A research team based at the UGA College of Veterinary Medicine has discovered a novel gene—erm(46)—that confers antibiotic resistance in Rhodococcus equi, a soil-dwelling bacterium which commonly infects foals and causes opportunistic infections in immunocompromised people. The finding was made in collaboration with researchers at the University of Edinburgh, Texas A&M University, and the University of Washington.
Dr. Steeve Giguère, the Marguerite Thomas Hodgson Chair of Equine Studies and a board-certified large animal internal medicine specialist, led the team, which sequenced the genomes of antibiotic-resistant and antibiotic-susceptible R. equi isolates collected from foals in four states. They searched each isolate’s genome for genes with similar sequences to known genes that cause bacterial resistance to the macrolide class of antibiotics in other bacterial species. Through their search, they discovered a new gene, which was named erm(46) by the Nomenclature Center for MLS Genes at the University of Washington.
When the team cloned erm(46) into susceptible R. equi isolates (those that are normally inhibited by antibiotics), they found that erm(46) induced a high level of resistance to macrolide, lincosamide and streptogramin B antibiotics. Moreover, they found that the gene can be transferred from resistant to susceptible isolates of R. equi during bacterial mating. “This process likely contributes to the spread of resistance,” said Giguère.
Their finding is the first molecular characterization of resistance to these three classes of antibiotics in Rhodococcus equi. “Before, we knew we had resistant isolates, but we did not know how resistance occurred and we had no molecular markers to identify and track the resistant bacteria,” said Giguère.
Rhodococcus equi, a Gram-positive intracellular pathogen, is one of the most important causes of disease in foals between three weeks and five months of age, said Giguère. So far, Giguère and his team have identified antibiotic-resistant R. equi isolates carrying erm(46) in New York, Florida, Texas and Kentucky—where, on one farm producing 100 to 170 foals a year, as many of 40 percent of infected foals were found to carry resistant isolates.

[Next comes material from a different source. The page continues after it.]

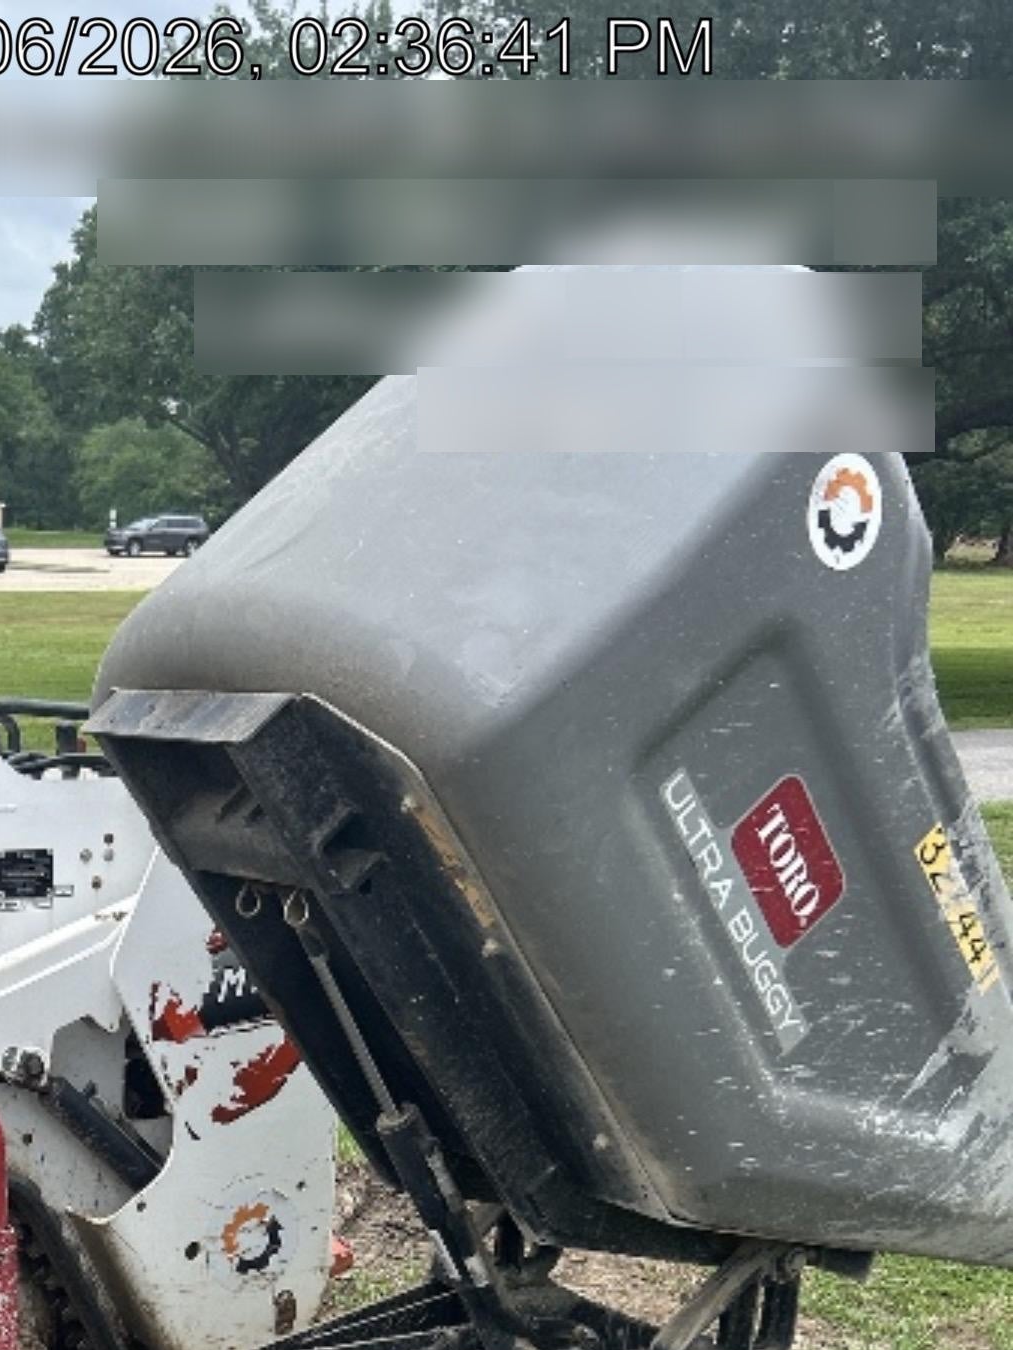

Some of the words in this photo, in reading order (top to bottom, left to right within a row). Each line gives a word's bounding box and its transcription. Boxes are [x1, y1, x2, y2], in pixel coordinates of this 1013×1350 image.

The bacterium is present in soil year-round, but because it typically causes disease only in foals up to five or six months of age, illnesses typically manifest in spring and summer. “It is believed that most foals become infected through inhalation of R. equi within the first few weeks of life, and they start showing clinical signs of pneumonia between three weeks and five or six months of age,” said Giguère.
People may come into contact with Rhodococcus on farms, while gardening, or during other activities that disturb dirt; however, it typically only causes infection in immunocompromised individuals. Not all R. equi causes disease in foals. A piece of DNA located outside the chromosome, called a plasmid, is responsible for making R. equi virulent in foals. Variations on this plasmid can be found in pigs and also cattle.
The spread of drug-resistant Rhodococcus may be a growing problem, said Giguère.
“It’s something that was unheard of 15 years ago, and now we’ve found it in multiple states. We need to conduct a well designed epidemiological study to really know the prevalence of of resistant isolates across the country.”
The team’s study was recently published in the Journal of Antimicrobial Chemotherapy (tinyurl.com/q4kzg5g).
Coauthors on the study include: Londa J. Berghaus, Mary K. Hondalus and Jennifer M. Willingham-Lane from the University of Georgia College of Veterinary Medicine; Elisa Anastasi, Jose A. Vasquez-Boland and Iain MacArthur from the University of Edinburgh; Noah D. Cohen from Texas A&M University; and Marilyn C. Roberts from the University of Washington.
Their work was funded by the Morris Animal Foundation, the largest private funder of companion animal research.